Community Perspective – Huan Zhang

Q&A with Huan Zhang, AI2050 Early Career Fellow

Huan Zhang received his AI2050 Early Career Fellowship while a postdoctoral researcher at Carnegie Mellon University, and commenced his AI2050 project when he became an Assistant Professor at the University of Illinois Urbana-Champaign. He is working on Hard Problem #2 (related to issues of AI safety, security, and trust).

Zhang’s research uses mathematical approaches for creating trustworthy AI systems for mission-critical tasks such as guiding vehicles, controlling chemical plants, or dispensing medications. Academics call these approaches “formal verification techniques.” In practice, the idea is similar to writing a mathematical proof for each AI system that proves how the system will behave under a wide range of inputs.

Zhang is leading the development of α,β-CROWN (alpha-beta-CROWN), a program that can verify the behavior of neural networks. The program won competitions in 2021 and 2022. 

Learn more about Huan Zhang:


Your web page says that α,β-CROWN can verify neural networks with millions of neurons. Is that big or small?
Huan Zhang, AI2050 Early Career Fellow

It is rather big, considering the hardness of this problem. Verifying a neural network requires us to find rigorous proof to show that the neural network’s behavior satisfies its specification. For example, a formally verified aircraft control system can guarantee that the flight under control is safe under the presence of a small amount of unanticipated deviations in sensor readings. It’s a pretty challenging mathematical problem. Usually, one neuron becomes one variable in this problem, and now imagine you want to write a mathematical proof involving millions of variables. Five years ago, we could only verify neural networks with a few hundred neurons, but now we are a few orders of magnitudes better, thanks to the novel and efficient algorithms my collaborators and I developed during the past five years. Although I am still working on tackling even larger neuron networks, the verification of neural networks with millions of neurons already enables practical usage of formal verification for many mission-critical AI applications. For example, some of my recent collaborations with domain experts involve verifying neuron networks in robotics, control, medical, and aerospace applications.


How would a company use α,β-CROWN to verify the neural network used to drive a car? Would the program run in the car, or at the company that’s making the car?
Huan Zhang, AI2050 Early Career Fellow

In typical settings, the company that makes the car runs the verification algorithm to guarantee the safety or correctness of the neural network before they put it into production use. As an analogy, we can treat a neural network on a car as software, and it needs to be thoroughly tested and verified before being delivered to the end user, just like how companies develop other software systems.


Formal verification seems like something that’s really important. Do you think that everyone working in AI should be using it?
Huan Zhang, AI2050 Early Career Fellow

Formal verification is really important, but obtaining the formal verification guarantees is also a very involved process.
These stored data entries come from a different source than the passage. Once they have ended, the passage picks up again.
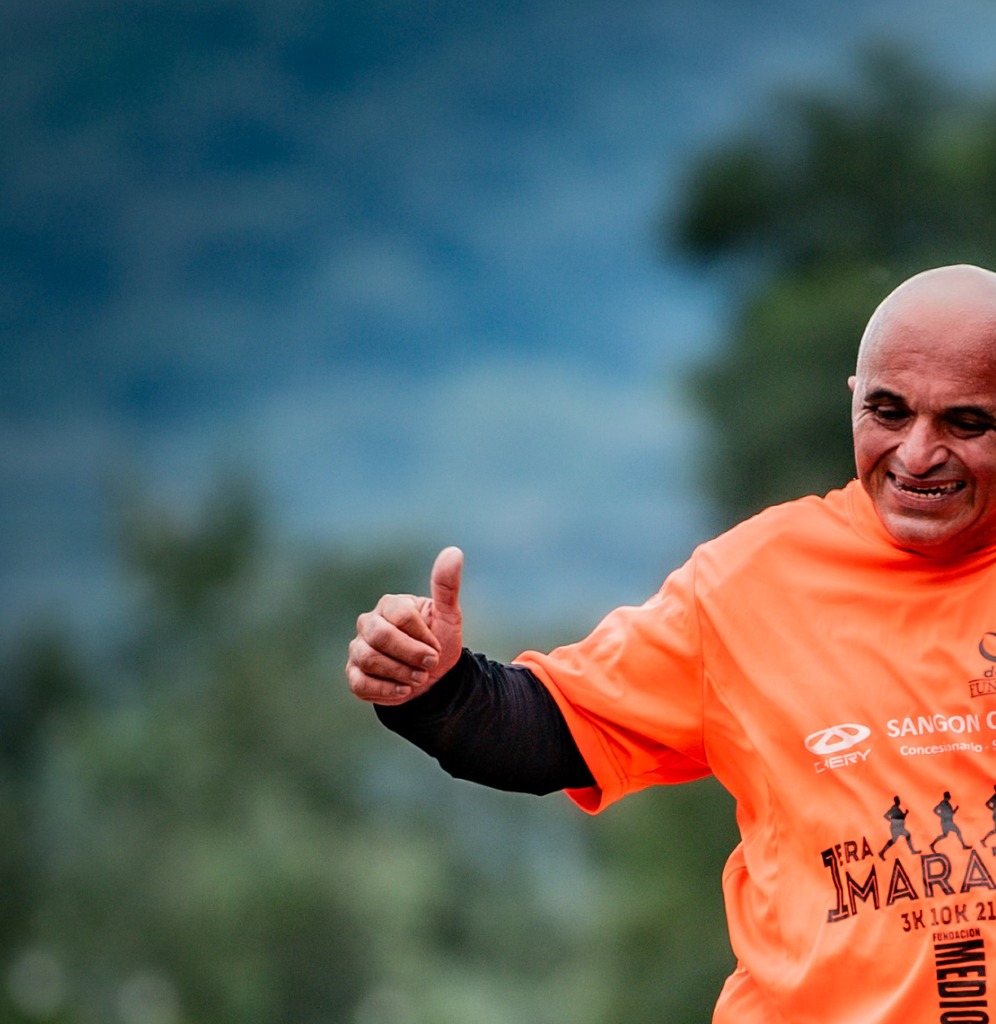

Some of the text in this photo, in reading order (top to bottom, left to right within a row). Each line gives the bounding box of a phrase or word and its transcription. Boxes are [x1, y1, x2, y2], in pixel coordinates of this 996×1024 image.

[886, 713, 981, 738] SANGON
[901, 909, 926, 932] 3K
[930, 904, 969, 926] 10K
[932, 928, 981, 942] FUNDACION
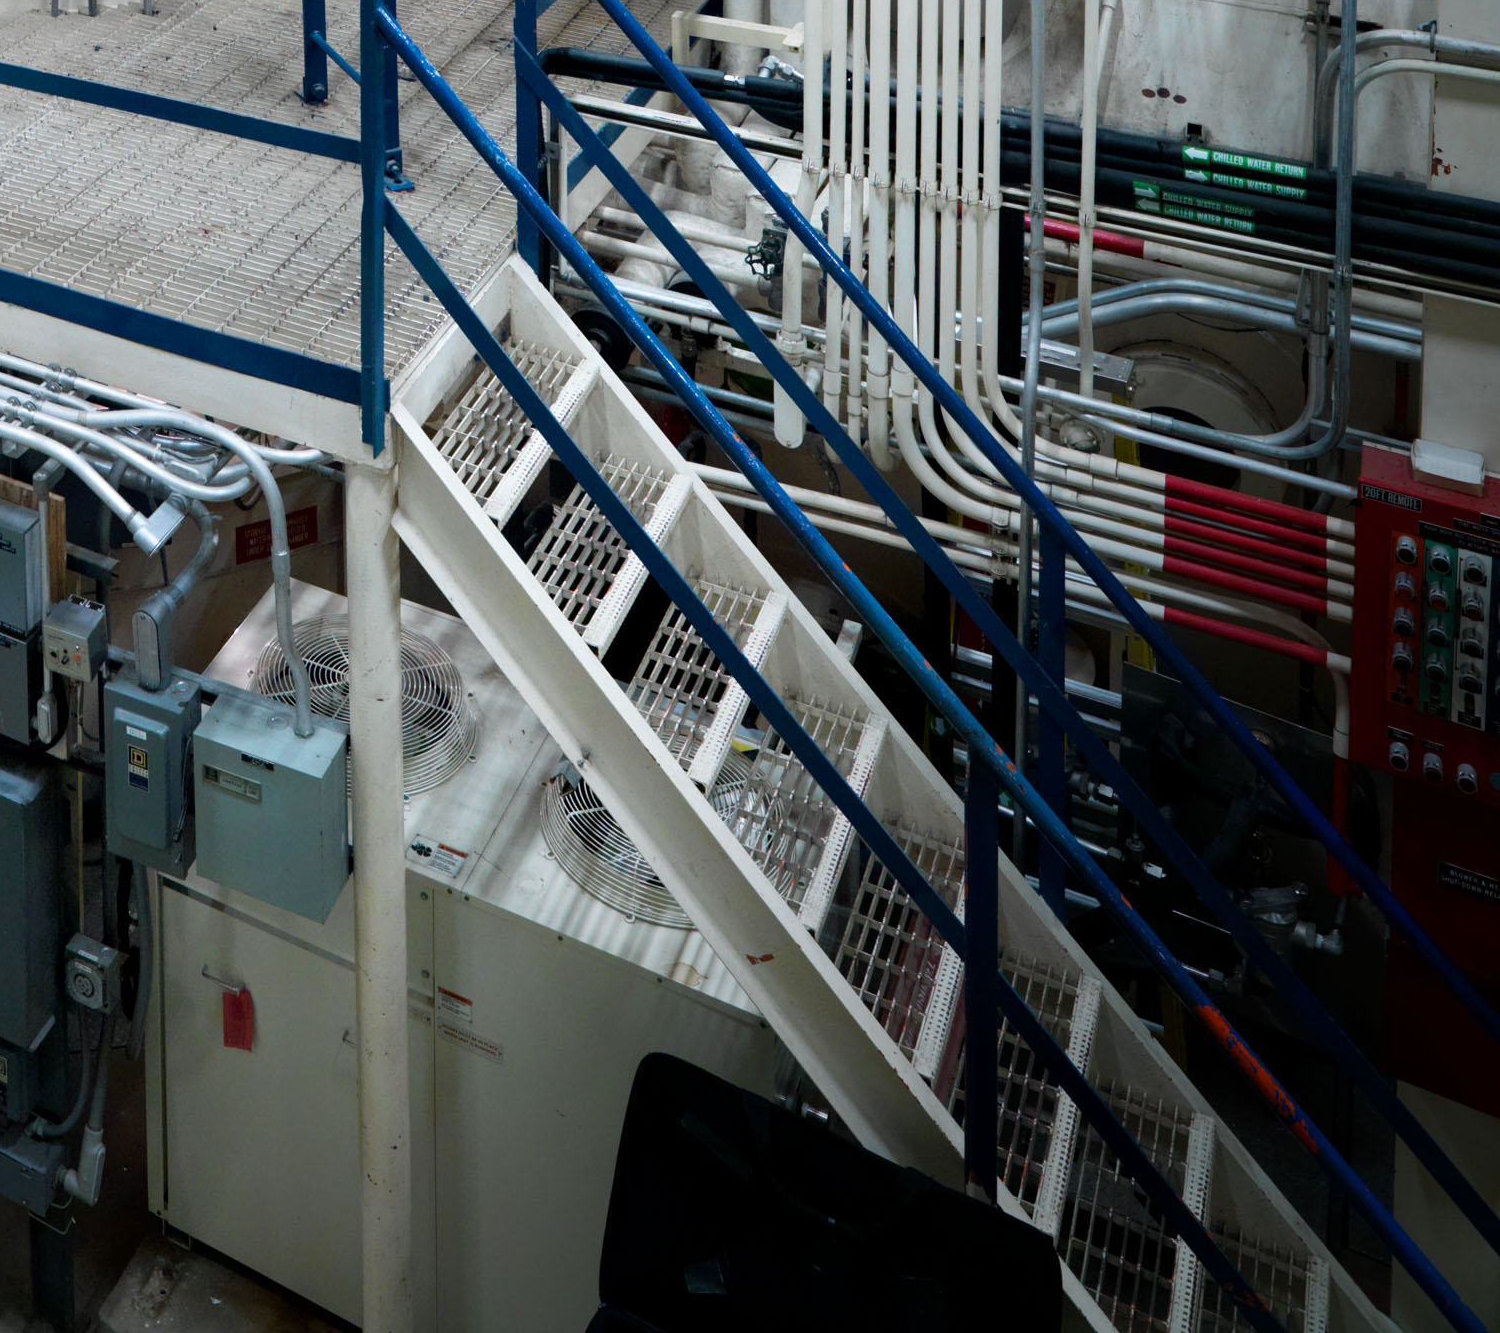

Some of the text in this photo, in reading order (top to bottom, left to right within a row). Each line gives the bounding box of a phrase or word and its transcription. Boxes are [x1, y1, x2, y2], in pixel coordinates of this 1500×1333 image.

In non-critical systems, such as using AI for ads and products recommendation, formal verification is an overkill. However, if we are making an aircraft or a medical device, verification is essential for these systems due to safety needs or regulatory requirements. The lack of formal verification tools for AI would prevent the usage of AI in these mission-critical systems.
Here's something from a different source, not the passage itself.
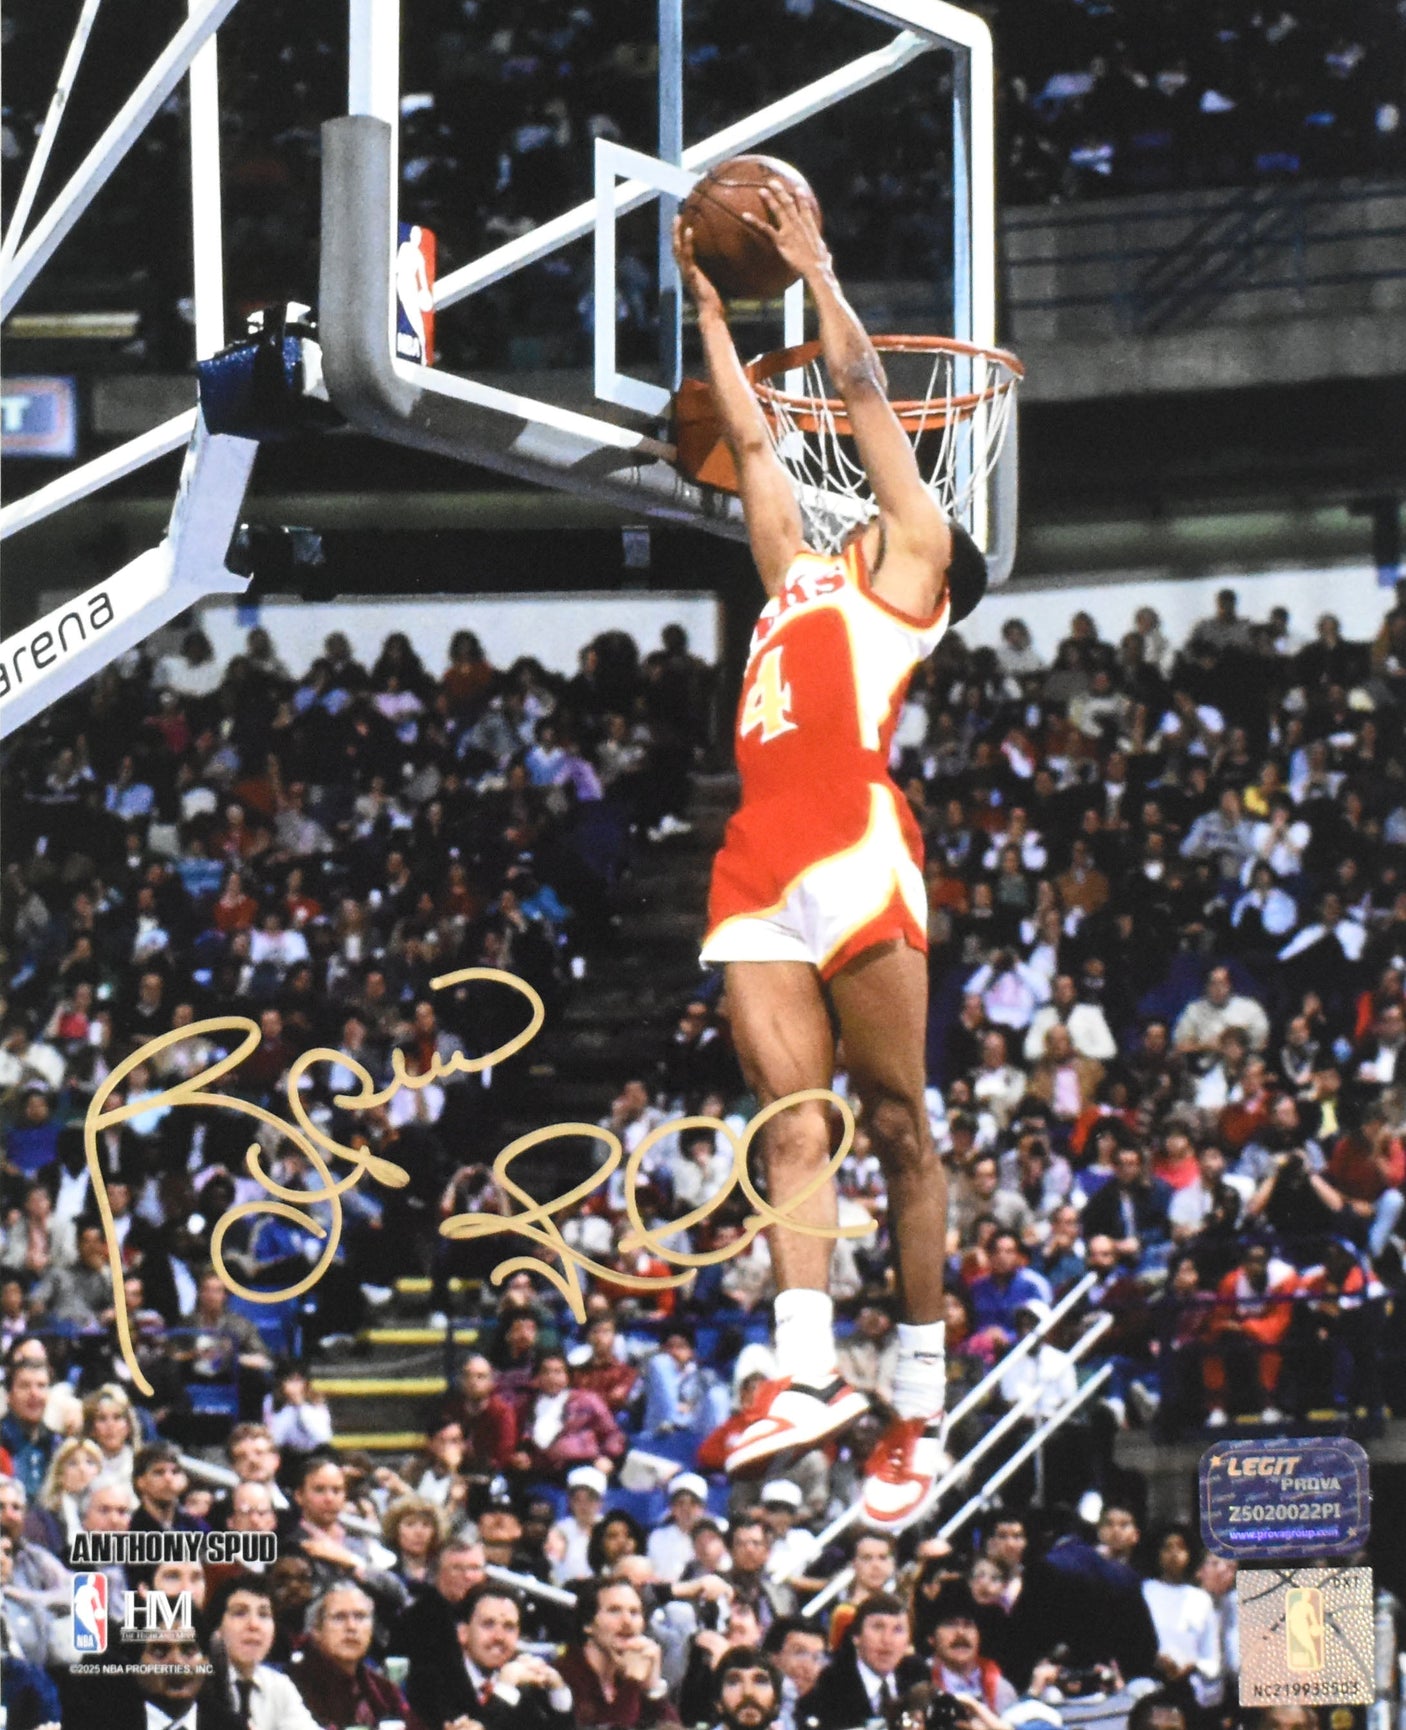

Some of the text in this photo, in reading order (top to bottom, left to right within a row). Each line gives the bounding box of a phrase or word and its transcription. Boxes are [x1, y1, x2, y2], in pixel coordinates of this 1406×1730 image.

[740, 645, 798, 744] 4
[1227, 1456, 1301, 1477] LEGIT
[1281, 1477, 1341, 1491] PROVA
[1229, 1502, 1341, 1522] Z5020022PI
Should AI developers know about it? And if so, then what should they know?
Huan Zhang, AI2050 Early Career Fellow

AI developers should know that formal verification is an essential tool for building trustworthy AI systems. Broadly speaking, AI developers should be aware of the trustworthiness issues (such as robustness, safety, and fairness issues) in AI models, and should not blindly trust AI models. For mission-critical systems, formal verification methods are essential to prove their trustworthiness rigorously.


You also helped organize both the 2022 Workshop on Socially Responsible Machine Learning at the International Conference on Learning Representations (ICLR) and the Workshop on Trustworthy and Socially Responsible Machine Learning (TSRML). Both workshops focus on issues like bias and fairness in machine learning. Is there a role for formal verification in helping to address those topics?
Huan Zhang, AI2050 Early Career Fellow

These workshops focus on raising awareness of issues when applying AI to scenarios with high social and ethical stakes, and encouraging researchers to develop novel methods to address these issues. Formal verification plays an important role here because it is a very powerful mathematical tool to provide rigorous guarantees for various behaviors of a machine learning model, including fairness, robustness, and safety, which are highly desirable when applying AI to sensitive and human-centered applications. The workshops include a few papers using formal verification methods to tackle the challenge of building trustworthy and socially responsible AI.